Task description | Set down all of the data that follows word for word, without the images.

Image-backed grounding data:

....................

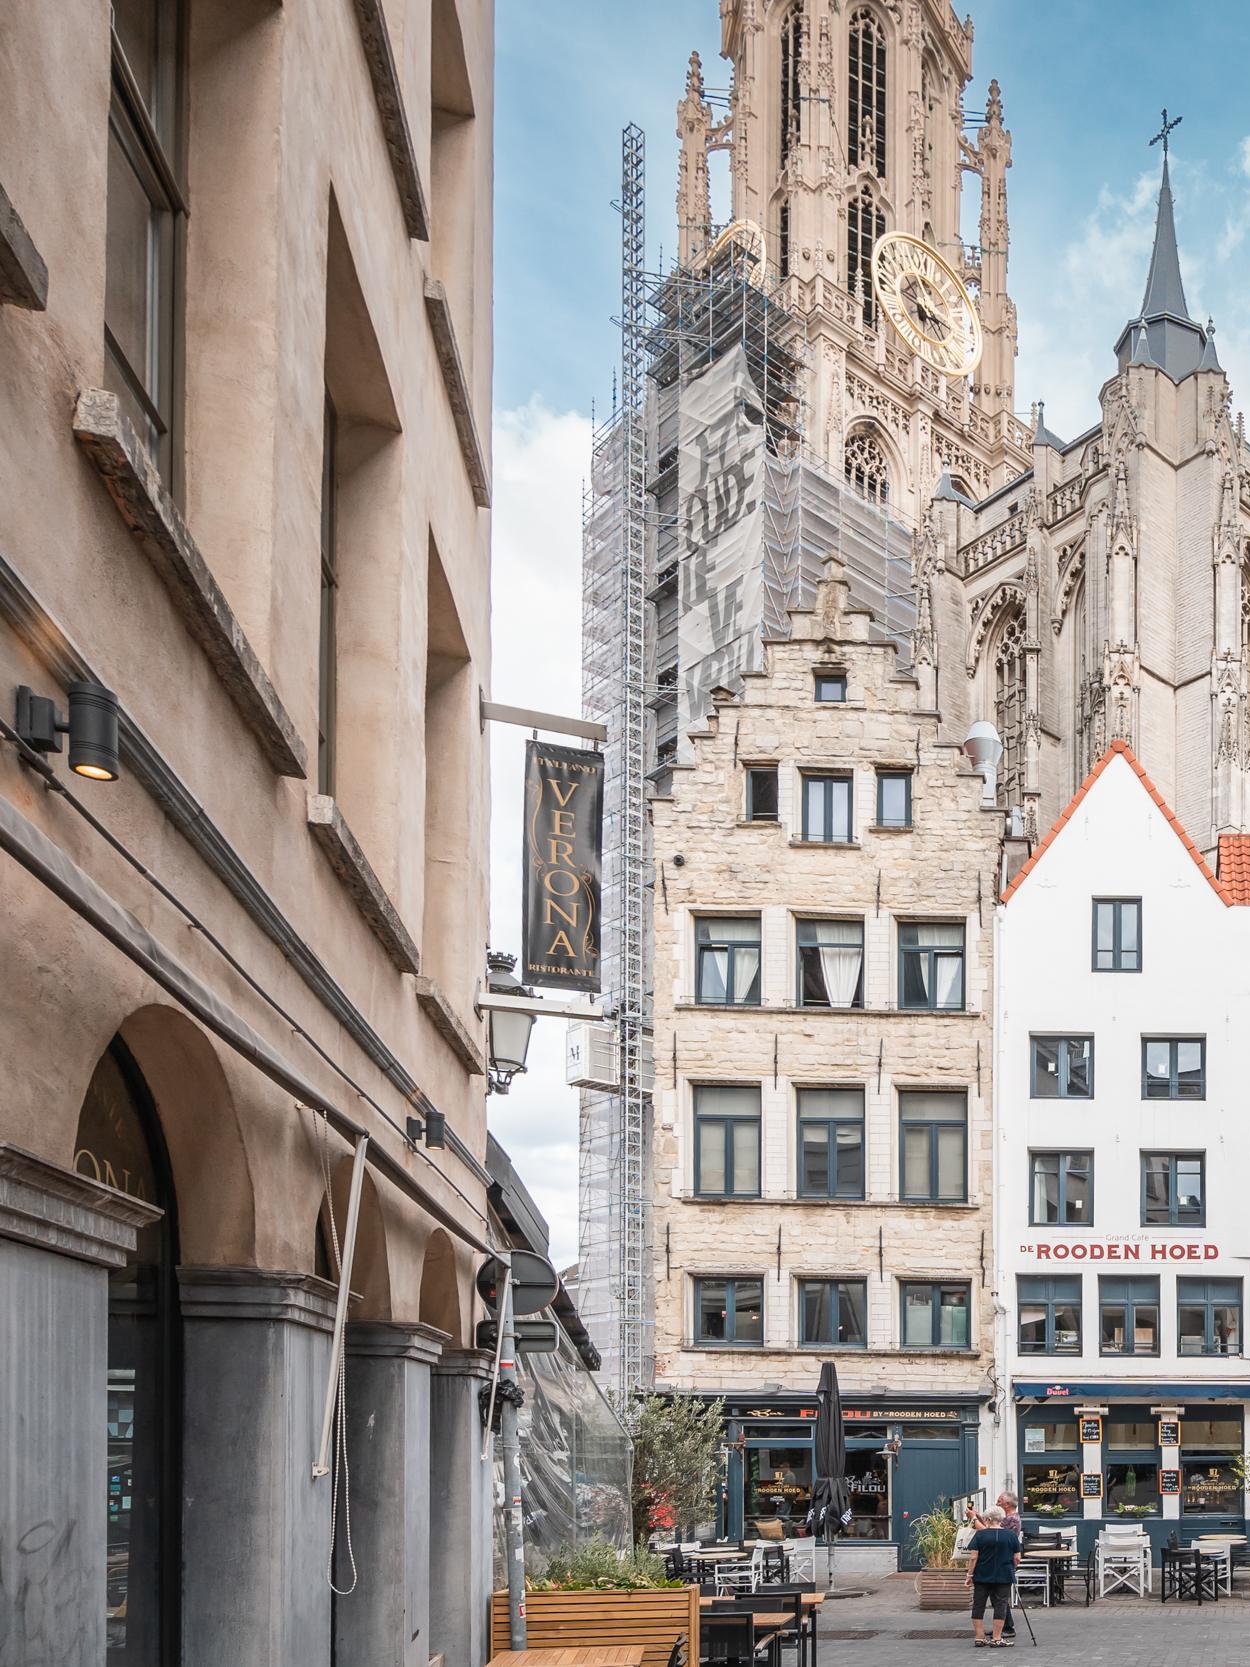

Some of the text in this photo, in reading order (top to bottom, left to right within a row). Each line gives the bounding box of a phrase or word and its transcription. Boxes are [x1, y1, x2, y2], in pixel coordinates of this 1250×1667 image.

[685, 448, 756, 550] OUDE
[544, 779, 581, 957] VERONA
[1105, 1233, 1130, 1242] Grand
[1020, 1243, 1219, 1260] DE ROODEN HOED
[800, 1409, 871, 1418] FIOU
[851, 1484, 886, 1493] FILOU
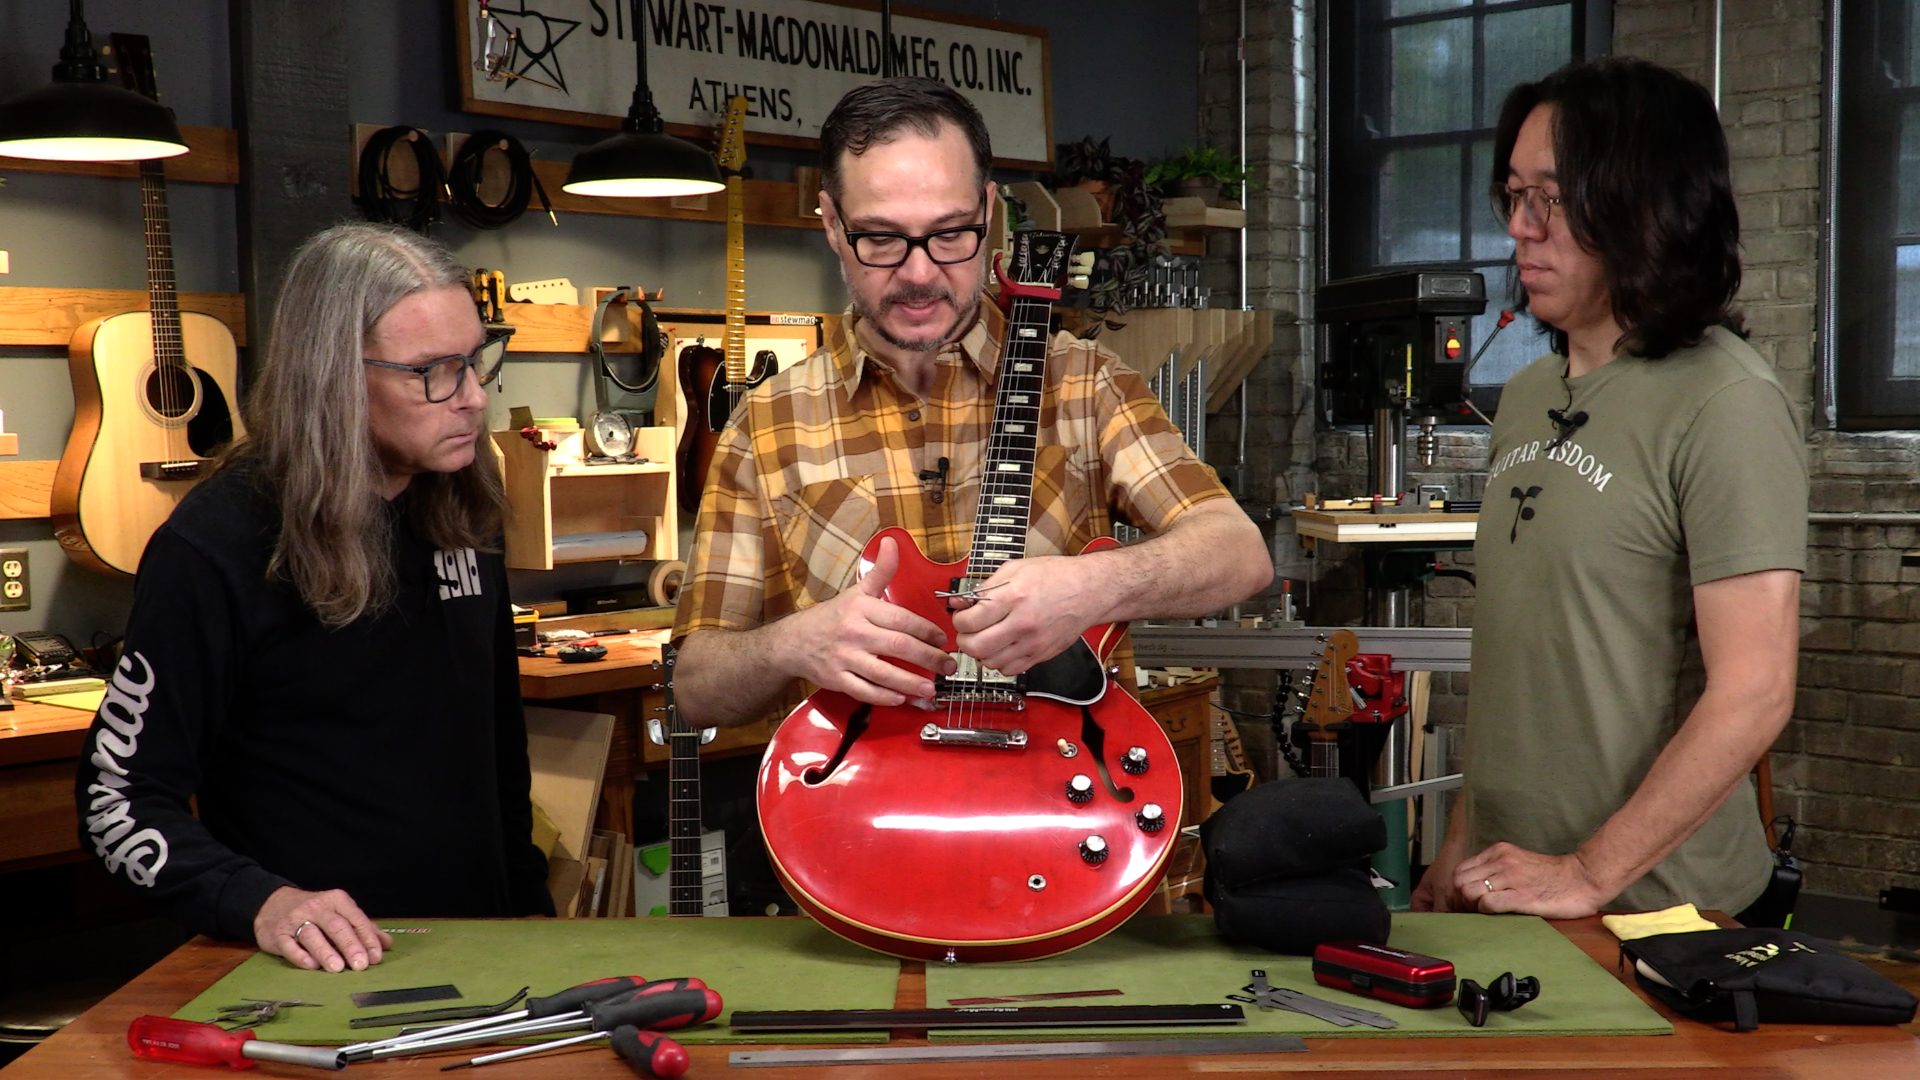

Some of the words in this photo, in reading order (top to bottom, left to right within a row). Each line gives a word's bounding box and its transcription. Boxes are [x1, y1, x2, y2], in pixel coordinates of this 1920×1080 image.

....................

Result |
Some of the text in this photo, in reading order (top to bottom, left to right within a row). Each line gives the bounding box of a phrase or word and its transcription. Boxes are [x1, y1, x2, y2], in pixel coordinates of this 1250×1667 image.

[685, 448, 756, 550] OUDE
[544, 779, 581, 957] VERONA
[1105, 1233, 1130, 1242] Grand
[1020, 1243, 1219, 1260] DE ROODEN HOED
[800, 1409, 871, 1418] FIOU
[851, 1484, 886, 1493] FILOU

Some of the words in this photo, in reading order (top to bottom, left to right within a row). Each line gives a word's bounding box and its transcription. Boxes are [x1, y1, x2, y2], in pixel coordinates of this 1920×1080 image.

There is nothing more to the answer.